The purpose of this study was to compare prosthetic weight-bearing tolerance in the standing position to the dynamic vertical ground reaction forces (VGRF) experienced during walking in elderly dysvascular trans-tibial amputees. Ten unilateral trans-tibial amputees attending an amputee clinic (mean age = 67±6.5 years) were selected as subjects. Selection criteria were the level of amputation, age, medical fitness to participate and informed consent. Each participant completed five trials of standing (static) weight bearing measurement followed by 10 walking (dynamic) trials on a 10m level walkway, five trials for each limb. Static weight bearing (SWB) was measured using standard bathroom scales. Dynamic weight bearing (DWB) was measured during gait using a Kistler multichannel force platform.
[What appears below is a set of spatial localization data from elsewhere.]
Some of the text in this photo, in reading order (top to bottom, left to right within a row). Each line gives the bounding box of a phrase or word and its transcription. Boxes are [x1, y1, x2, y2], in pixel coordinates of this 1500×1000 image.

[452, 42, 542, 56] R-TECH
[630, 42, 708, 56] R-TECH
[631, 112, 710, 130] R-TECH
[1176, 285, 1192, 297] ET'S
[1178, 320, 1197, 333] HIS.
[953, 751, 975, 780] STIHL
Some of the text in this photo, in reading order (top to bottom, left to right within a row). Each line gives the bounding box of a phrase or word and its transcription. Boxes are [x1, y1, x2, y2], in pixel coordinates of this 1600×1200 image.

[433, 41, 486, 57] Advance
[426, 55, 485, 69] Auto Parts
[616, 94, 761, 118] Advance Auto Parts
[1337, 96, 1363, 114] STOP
T-tests for dependent means indicated that the forces borne in prosthetic single limb stance (mean=0.97±0.03 times body weight (BW)) were significantly lower than the forces borne by the prosthetic limb during the first peak (weight acceptance) VGRF (mean = 1.08±0.08 BW; t = -4.999; p = 0.001) and significantly higher than the midstance VGRF (mean = 0.82±0.07 BW; t=5.401; p<0.001). However, there was no significant difference between SWB and the second peak (push-off) VGRF generated by the prosthetic limb during walking (mean = 0.96±0.03 BW). It was concluded that clinical gait training may utilise SWB as a guide to an amputees' prosthetic weight bearing tolerance and requirements during walking.

Introduction

Weight bearing, the act of supporting body weight during standing (static) and walking (dynamic) conditions, has been investigated in amputees using a variety of quantitative methods. Instrumentation has included strain gauges (Tibarewala and Ganguli, 1982), shoe-borne load cells (Lord and Smith, 1984; Ranu and Eng, 1987), force platforms (Hurley et al., 1990; Hermodsson et al., 1994; Thorburn et al., 1990), and bathroom scales (Stolov et al., 1971). Quantifying weight bearing provides an objective measure and numeric feedback of an amputees' prosthetic weight bearing tolerance.
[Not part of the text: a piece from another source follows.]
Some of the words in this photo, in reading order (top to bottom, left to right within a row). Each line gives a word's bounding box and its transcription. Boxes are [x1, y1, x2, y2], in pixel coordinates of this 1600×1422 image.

That portion of weight not borne through the prosthesis during the prosthetic stance phase must be taken through the amputee's upper limbs and a walking aid. Assistive devices such as a cane (Winter et al. 1993) or a frame (Crosbie, 1992; Pardo et al., 1993) have been used for many reasons: to reduce pressure on sensitive structures, improve balance or assist proprioception (Lord and Clark, 1991). Pardo et al. (1993) concluded that walking frames, crutches and canes were used to assist in supporting body mass vertically. While the cane assisted propulsion via vertical force transmitted to the upper limb, the walking frame helped to restrain ambulatory progression with no significant role in propulsion.

Clinically, it is possible to measure weight bearing using bathroom scales. Stolov et al. (1971) demonstrated clinical and research utilisation of static standing weight bearing measurements using bathroom scales. The authors reported the importance of percentage body weight over absolute weight as a criterion when reporting progression of weight bearing after immediate prosthesis fitting following trans-tibial amputation. Summers et al. (1978; 1988) used a Double Video Forceplate (DVF) to measure biomechanical parameters of stance and balance. They concluded that simple measurements of weight distribution between the feet and maximal weight-bearing while leaning on the prosthesis could provide objective confirmation of clinical improvement and assist in retraining amputees to stand, balance, and walk.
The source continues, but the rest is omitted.